There is also something called "load leveling suspension". In this case, airbags are used to help the springs, and the net effect is to raise the back of the vehicle without needing a load leveling hitch. Properly done, a load leveling suspension is very effective... but can be very expensive. 
http://www.f150online.com/forums/to...ce-weight-dist-hitch-load-leveling-hitch.html

The other thing I would do is go to a trailer hitch place or an RV place, make a few calls. Go to a guy or guys who do it for a living and who sees real world applications day in and day out.


----------



## VWDAVID (Jan 12, 2011)

Excellent... I have mine installed next week.
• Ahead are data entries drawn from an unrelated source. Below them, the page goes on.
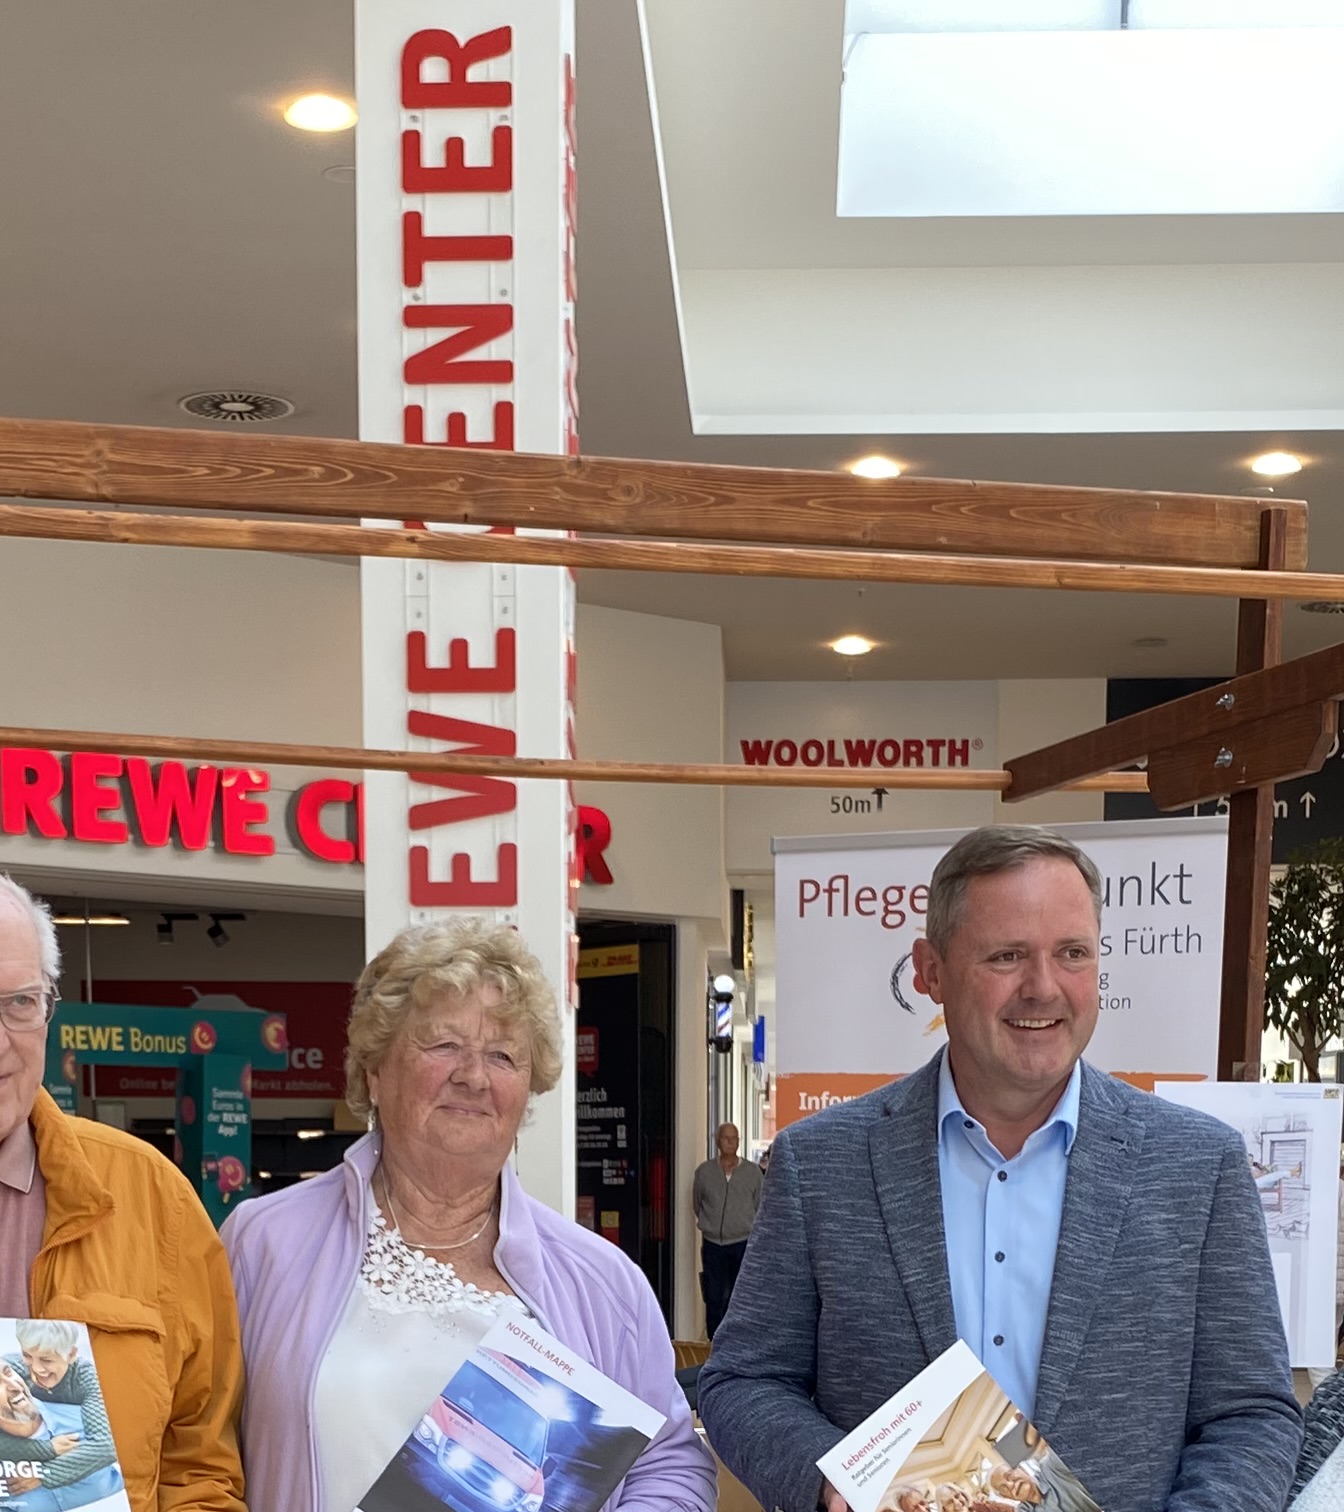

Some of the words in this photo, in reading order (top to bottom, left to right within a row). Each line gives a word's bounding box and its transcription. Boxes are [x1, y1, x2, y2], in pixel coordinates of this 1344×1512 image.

[830, 795, 872, 814] 50m
[1125, 924, 1202, 956] Fürth
[60, 1024, 125, 1052] REWE
[130, 1027, 187, 1054] Bonus
[506, 1321, 576, 1377] NOTFALL-MAPPE
[841, 1427, 892, 1471] Lebensfroh
[890, 1413, 907, 1430] mit
[904, 1400, 923, 1417] 60+
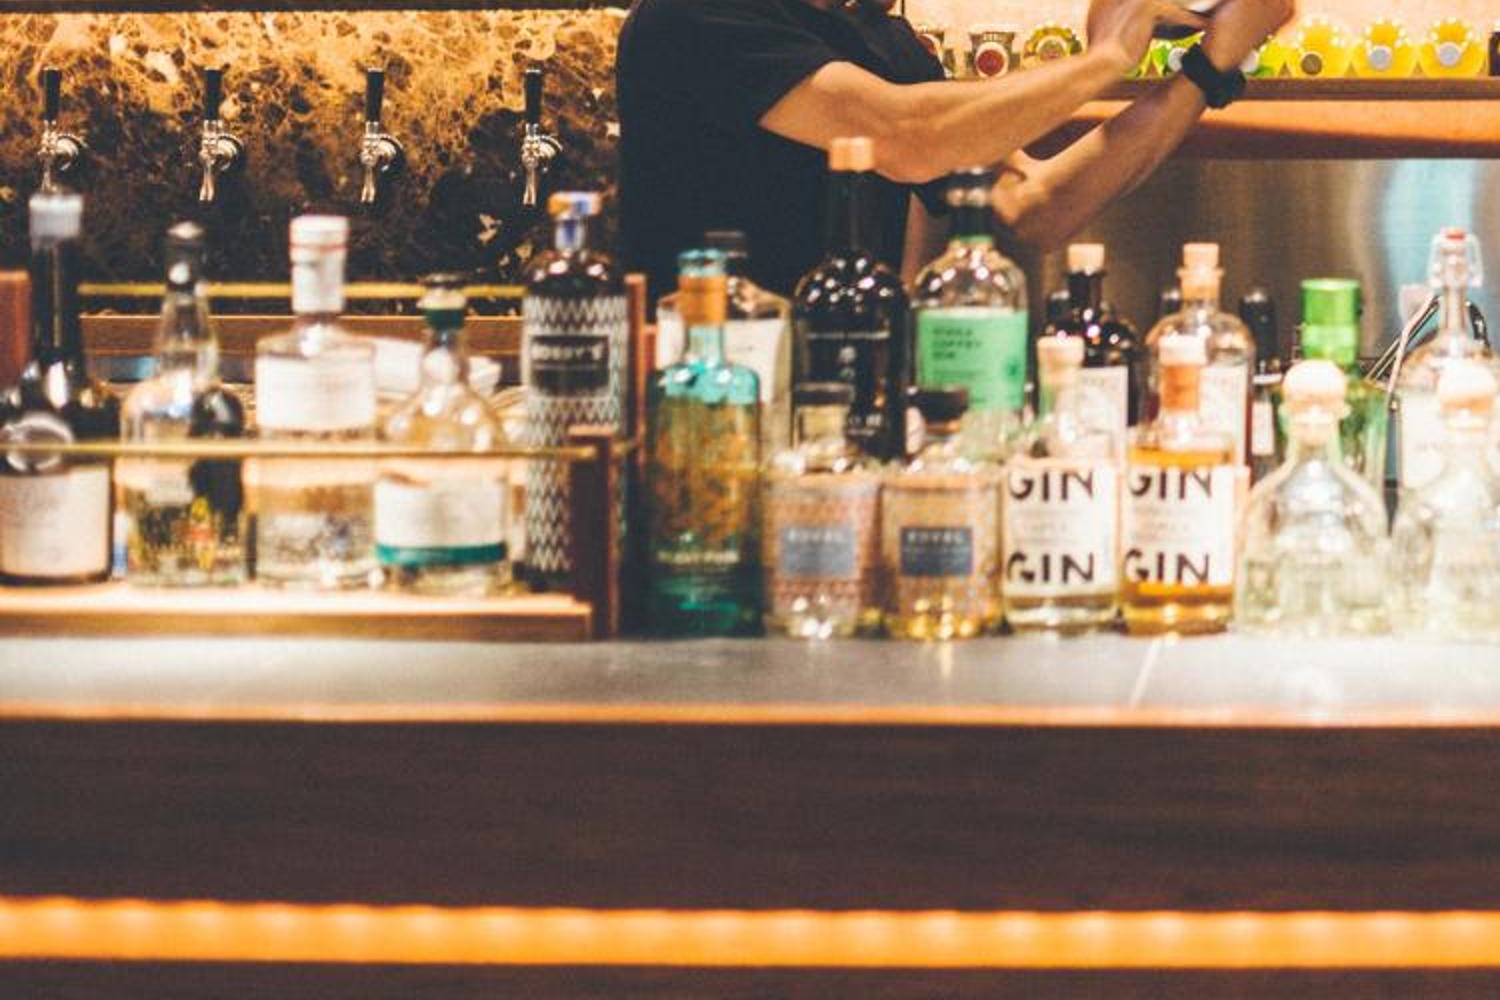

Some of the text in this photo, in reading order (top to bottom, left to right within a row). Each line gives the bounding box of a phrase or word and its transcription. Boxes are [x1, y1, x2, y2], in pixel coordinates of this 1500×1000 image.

[1008, 472, 1094, 502] GIN
[1127, 472, 1212, 502] GIN
[1007, 551, 1094, 583] GIN
[1124, 548, 1210, 583] GIN
Can you snap a picture and post it? Curious how it looks - so I can ask them to do it the same way. Just hoping the install doesn't place it too low. Thanks.


----------



## VWDAVID (Jan 12, 2011)

*Thanks Steve... but that is the Canada Brochure.*

I called VW corporate last night. Upset they can't tell me what the US version of Towing Prep means... they only told me what I already knew- includes the leveling suspension and a trailer harness. Told me I had to call the parts dept of the dealer. This is horrible - can't find out anywhere or get confirmation.



> The one in the Canada brochure nicely lists those items:
> Towing Preparation Package (includes heavy-duty (HD) engine oil cooler, HD transmission oil cooler, HD engine cooling, HD radiator, load leveling rear suspension and wiring harness)


CAN ANYONE HELP? 
Need to know if I have the HD engine cooler, tranny cooler and it I have the HD Radiator.... It's a 2010 SEL - thanks for your help.


----------



## 58kafer (Jun 27, 2007)

Sorry looks like I forgot the one link
http://www.etrailer.com/faq-weightdistribution.aspx


----------



## cmaxinger66 (Mar 15, 2011)

Sorry to but in on this discussion but I too have a VW Routan without factory tow package. I am looking to upgrade. I live in Canada and thus have the 4.0 L Highline. I have been informed by my dealer who was speaking with corporate that the trans cooling system in the Routan is the same with and without the tow package. The cannot find any info on engine coolers or additional suspension. I am adding suspension support in the form of Timbren Suspension Enhancement System. Here is the link to etrailer. http://www.etrailer.com/Vehicle-Suspension/Timbren/TJFTJ.html 
I plan on towing (short distance only) my new to me camper (~3000lbs). My dealer informs that I do not need a trans cooler but the suspension enhancement could not hurt. I may add a trans cooler nonetheless. They also informed that my warranty would still hold with them as long as I did not tow over 3500 lbs. Any thoughts ?


----------



## 58kafer (Jun 27, 2007)

cmaxinger66 said:


> Sorry to but in on this discussion but I too have a VW Routan without factory tow package. I am looking to upgrade. I live in Canada and thus have the 4.0 L Highline. I have been informed by my dealer who was speaking with corporate that the trans cooling system in the Routan is the same with and without the tow package. The cannot find any info on engine coolers or additional suspension. I am adding suspension support in the form of Timbren Suspension Enhancement System. Here is the link to etrailer. http://www.etrailer.com/Vehicle-Suspension/Timbren/TJFTJ.html
> I plan on towing (short distance only) my new to me camper (~3000lbs). My dealer informs that I do not need a trans cooler but the suspension enhancement could not hurt. I may add a trans cooler nonetheless. They also informed that my warranty would still hold with them as long as I did not tow over 3500 lbs. Any thoughts ?


 Look at the rear shocks on your Routan and look at a similar Dodge on a used car lot. You should notice that the rear shocks on the back of your Routan are almost 2 times the diameter. The fat shocks are the nivomat self leveling shocks, they will pump up after a mile or so. They are a hydraulic shock and will fill automatically (internally) and will bleed off automatically. I personally do not see the need for a rear suspension helper. I'd try it on a short run first. I plan to tow my jet boat 16.5 feet long @ 1600 pounds, but I am adding disc brakes to my boat trailer to help assist the Routans brakes so as not to fry my brakes and also to look cool at the ramp! 

Trans Cooler: 

Look between your engine and battery (at the top of the trans), you will see two metal lines that quickly turn into rubber lines that turn back into metal lines at the radiator support. They go just infront of the radiator to the trans cooler. IT'S HUGE, basically the same size as the rad. The rad is probably a 2 or 3 row rad and the trans cooler is probably a 1 or 2 row. I always thought it was the A/C condenser until tonite when I checked. On my past vehicles that I towed with and plowed snow with I put a 12" X 12" trans cooler, more than sufficient cooling for that abuse, so our trans coolers should do plenty. I checked the parts diagrams on line and could never find a different rad or trans cooler for the 3.8 or the 4.0, which leads me to beleive that everything is the same between the 3.8 and 4.0 cooling system. The only difference would be the rear shocks from the 4.0 to the 3.8.


----------



## cmaxinger66 (Mar 15, 2011)

Thank-you for the great info. 
I was informed that the a/c condenser also doubles as a trans cooler. 
I will look at the shocks and see what they yield. 
Thanks again.


----------